Scientific classification
- Domain: Bacteria
- Kingdom: Bacillati
- Phylum: Mycoplasmatota
- Class: Mollicutes
- Order: Mycoplasmatales
- Family: Mycoplasmataceae
- Genus: Mycoplasma
- Species: M. adleri
- Binomial name: Mycoplasma adleri Del Giudice et al. 1995

= Mycoplasma adleri =

- Genus: Mycoplasma
- Species: adleri
- Authority: Del Giudice et al. 1995

Species of bacterium

Mycoplasma adleri is a species of bacteria in the genus Mycoplasma. This genus of bacteria lacks a cell wall around their cell membrane.
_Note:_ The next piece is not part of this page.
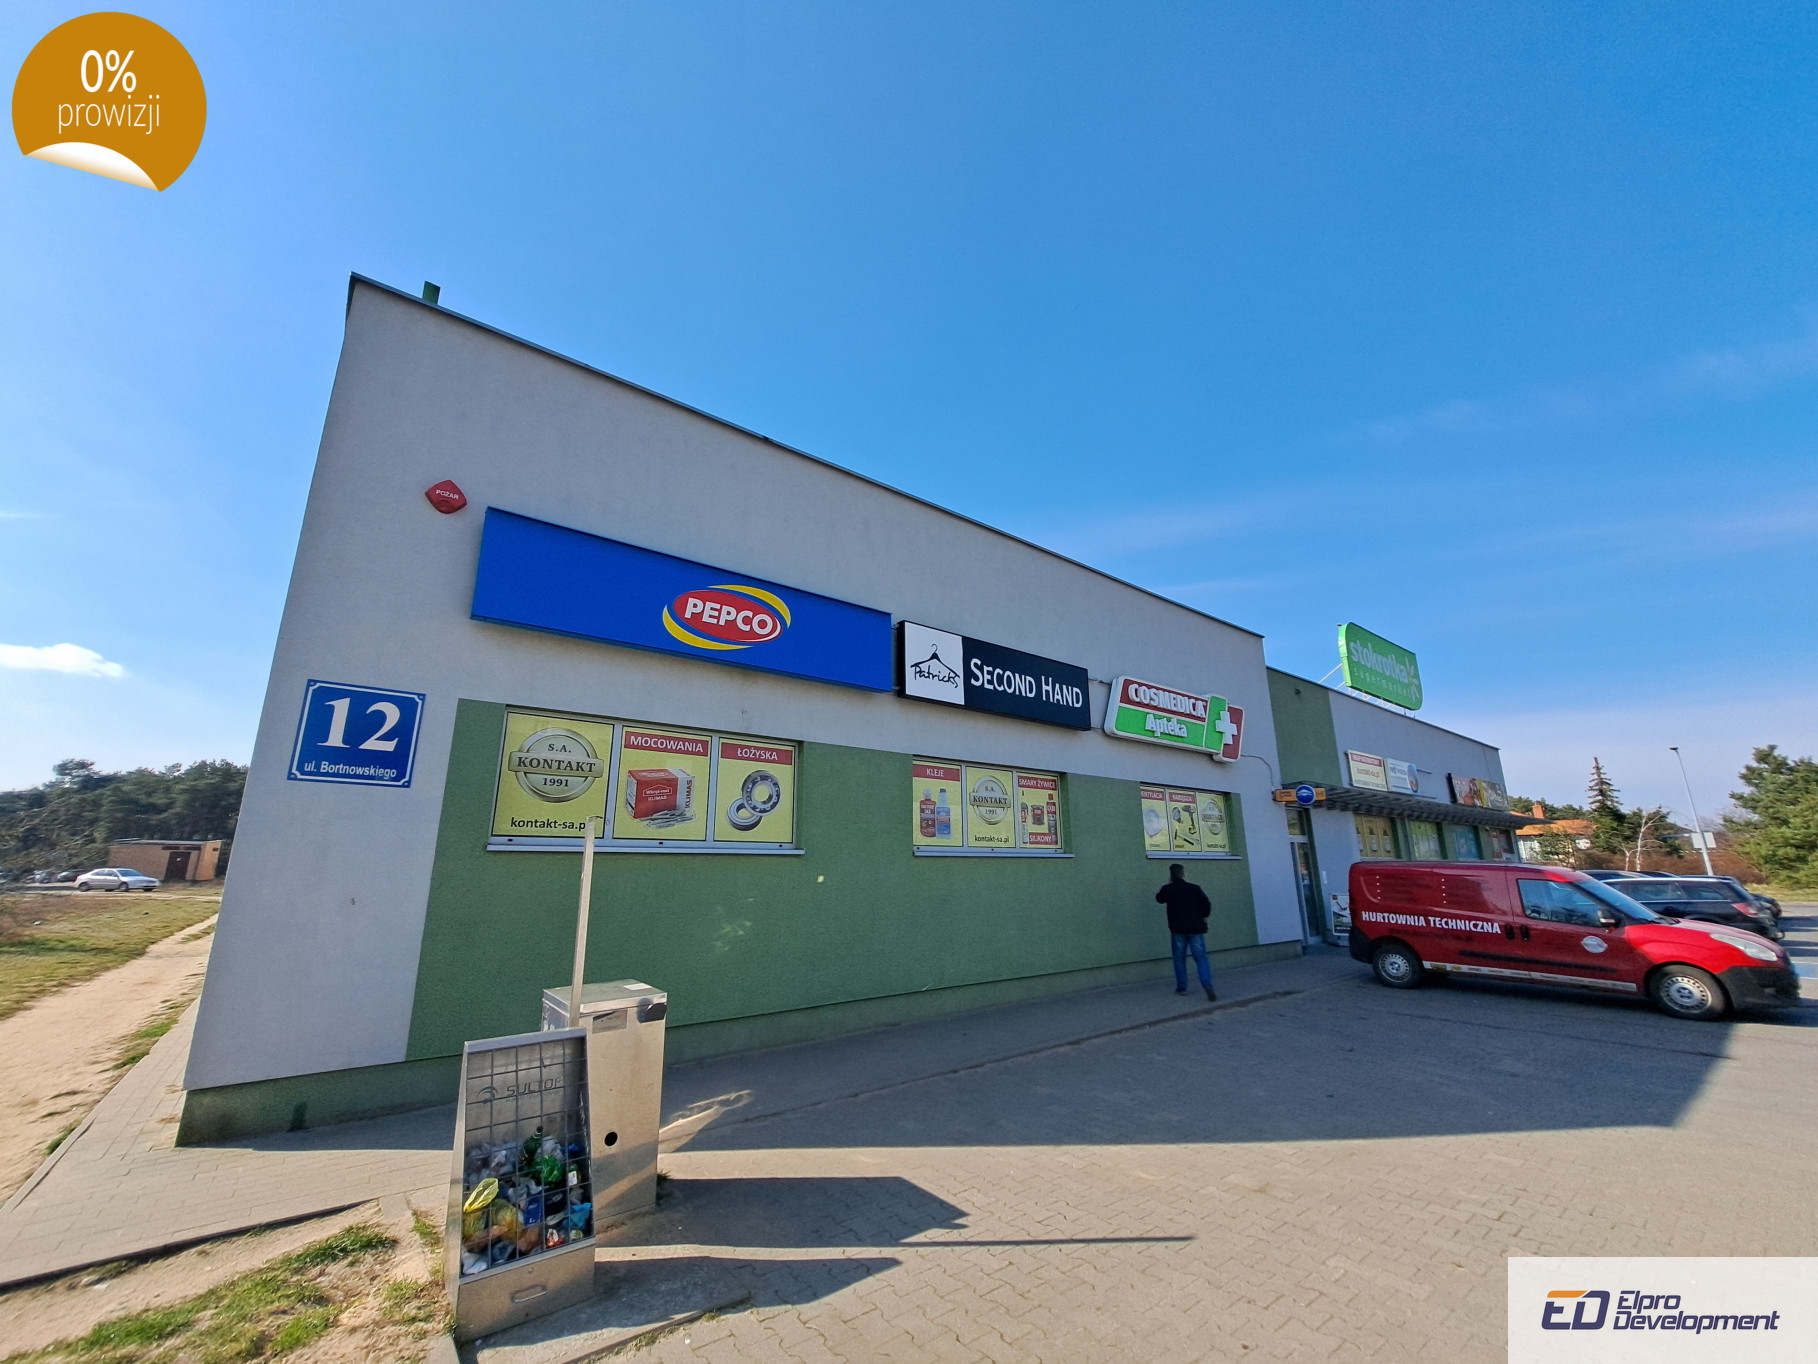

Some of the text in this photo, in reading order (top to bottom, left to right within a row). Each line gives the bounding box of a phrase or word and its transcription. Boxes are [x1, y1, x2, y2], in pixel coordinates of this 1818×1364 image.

Without a cell wall, they are unaffected by many common antibiotics such as penicillin or other beta-lactam antibiotics that target cell wall synthesis. Mycoplasma are the smallest bacterial cells yet discovered, can survive without oxygen and are typically about 0.1 μm in diameter. It is found in goats where it causes infection.
The type strain is strain G145 = ATCC 27948 = CIP 105676. Its genome has been determined.
M. adleri is gram negative and appears round or coccobacillary in form. Individual cells vary in diameter from 300 to 600 nm, and each is surrounded by a single cytoplasmic membrane. The cell has a ‘fried-egg’ resemblance on a variety of growth media. It is anaerobic.